HCL Domino Domino Forum
1

Today, I can’t login Lotus domino admin because Admin cert is expired. >_<. So I can’t create/manage user account.

What can I do to renew cert?

Thanks

2

Subject: Admin Cert expire

This is the routine for an older version of Notes - not tried it on 6 or above

Use Server ID on local!

  1. Switch to an ID that has Administrator rights.

  2. Launch the Notes client.

  3. Select File - Tools - Server Administration.

  4. For Release 4.x: Click the Certifiers icon. For Release 5.x: Select Administration - Configuration tab, expand Certification and select Certify.

  5. Select Certify ID File.

  6. From the Choose Certifier ID dialog box, select the O or OU certifier that was originally used to certify the user.

  7. Enter the password for the certifier ID.

  8. From the Choose ID to Certify dialog box, select the ID to be recertified.
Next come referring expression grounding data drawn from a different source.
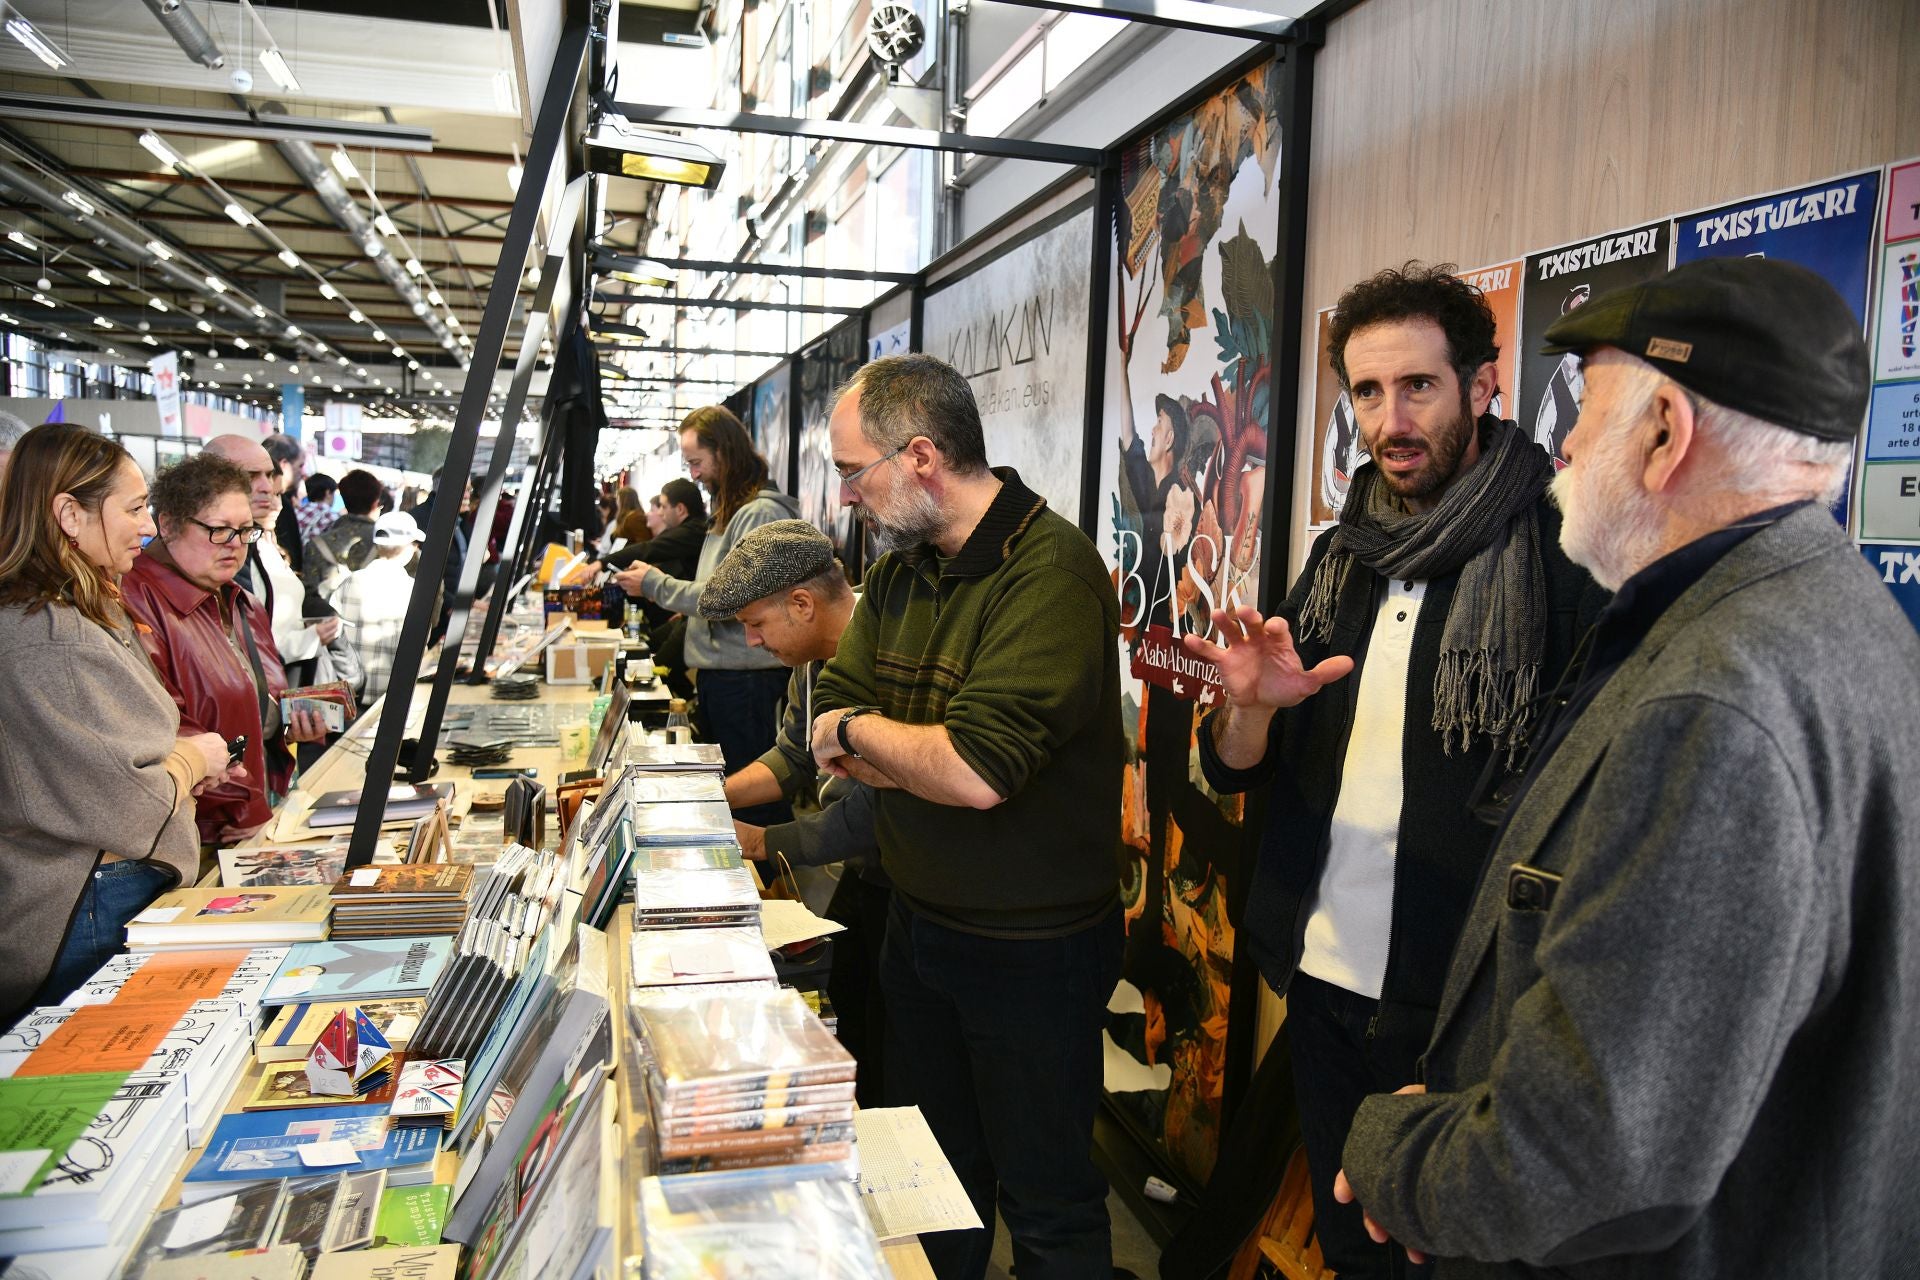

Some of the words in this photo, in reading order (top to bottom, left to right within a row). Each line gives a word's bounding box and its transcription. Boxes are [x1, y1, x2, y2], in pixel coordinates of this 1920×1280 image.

[1696, 184, 1860, 248] TXISTULARI
[1538, 228, 1658, 281] TXISTULARI
[1903, 409, 1920, 419] urt
[1901, 423, 1914, 433] 18
[1888, 438, 1910, 448] arte
  9. Enter the password for the user to be recertified.

  10. [Optional] In the Certify ID dialog box, you may set or change the following: Registration server, expiration date of the certifier and password length.

  11. Click Certify.

  12. Status window displays: “Updating address book entry for username/org”, then “Successfully updated address book entry for username/org” and finally “Username/org successfully certified.”
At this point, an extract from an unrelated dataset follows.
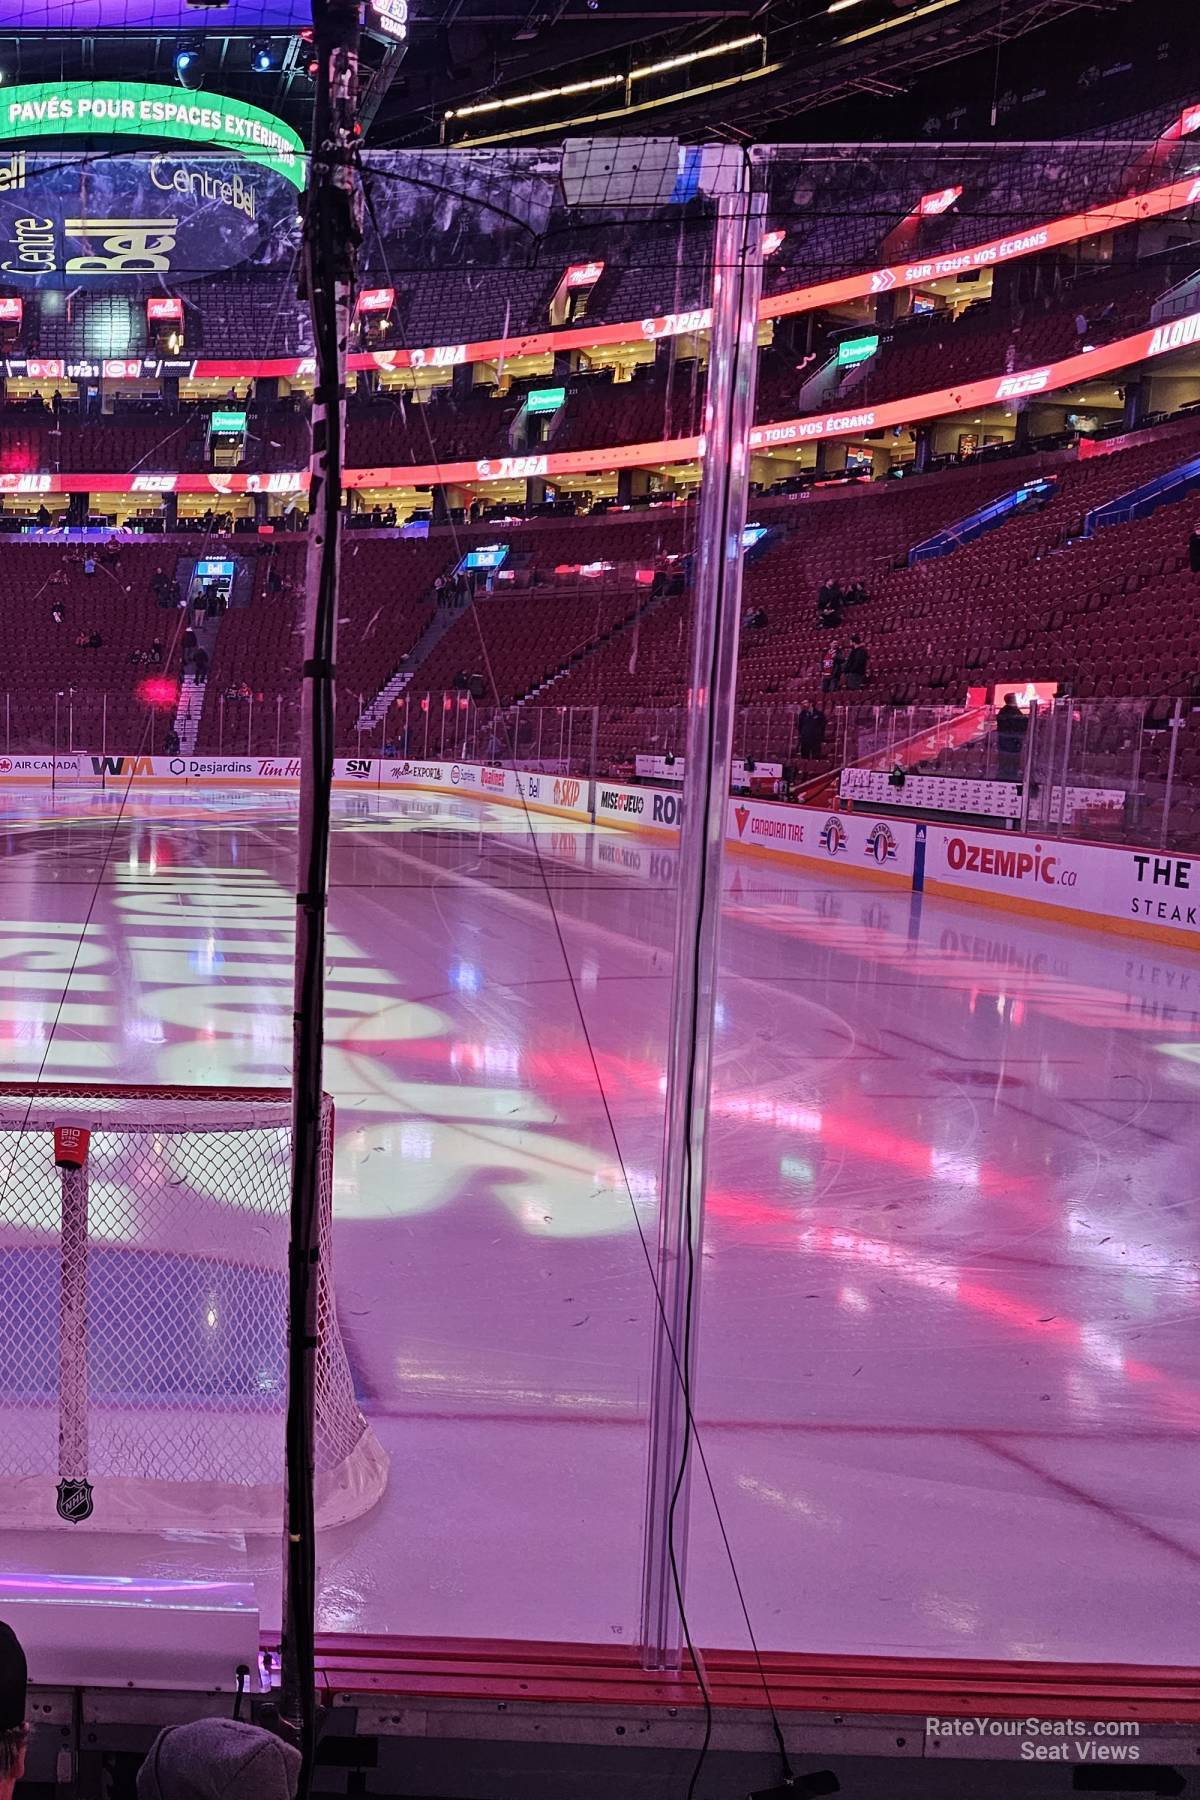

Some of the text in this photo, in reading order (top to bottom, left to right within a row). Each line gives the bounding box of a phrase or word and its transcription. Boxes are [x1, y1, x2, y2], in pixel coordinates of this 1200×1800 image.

  13. Lotus Notes dialog box asks “Would you like to certify another?” answer No.

  14. Switch to newly-recertified ID file.

3

Subject: RE: Admin Cert expire

Some additional info – certifier IDs can be used to recertify themselves as well as users.

4

Subject: Admin Cert expire

This method will work regardless of server operating system and assumes that you do not have another administrative ID and that you have access to the certifier and its password.
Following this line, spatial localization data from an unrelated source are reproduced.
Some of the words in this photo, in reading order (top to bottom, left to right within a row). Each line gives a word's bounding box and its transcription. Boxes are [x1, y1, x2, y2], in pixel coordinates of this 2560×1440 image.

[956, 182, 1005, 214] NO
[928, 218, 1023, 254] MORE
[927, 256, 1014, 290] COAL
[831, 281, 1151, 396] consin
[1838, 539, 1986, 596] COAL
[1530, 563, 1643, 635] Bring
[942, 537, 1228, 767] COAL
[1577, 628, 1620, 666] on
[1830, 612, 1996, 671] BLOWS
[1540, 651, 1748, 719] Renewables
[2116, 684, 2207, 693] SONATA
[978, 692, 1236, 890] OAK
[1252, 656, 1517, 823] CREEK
  1. Recertify the admin ID locally (i.e. do not select a registration server)

  2. Shut down Domino and pull an OS copy of the server’s names.nsf to your workstation.

  3. Copy and paste the public key from the newly updated admin ID into the admin’s person document. To copy the key, go to User Security while logged in as the admin and go to Your Identity → Your Certificates → Other Actions → Mail/Copy Certificate and click Copy Certificate. This copies the cert to your clipboard.

  4. Copy the server’s names.nsf back to your server and restart Domino

This is a bit of a pain, so I recommend that you have more than one administrative ID or set the certificate expiration well into the future.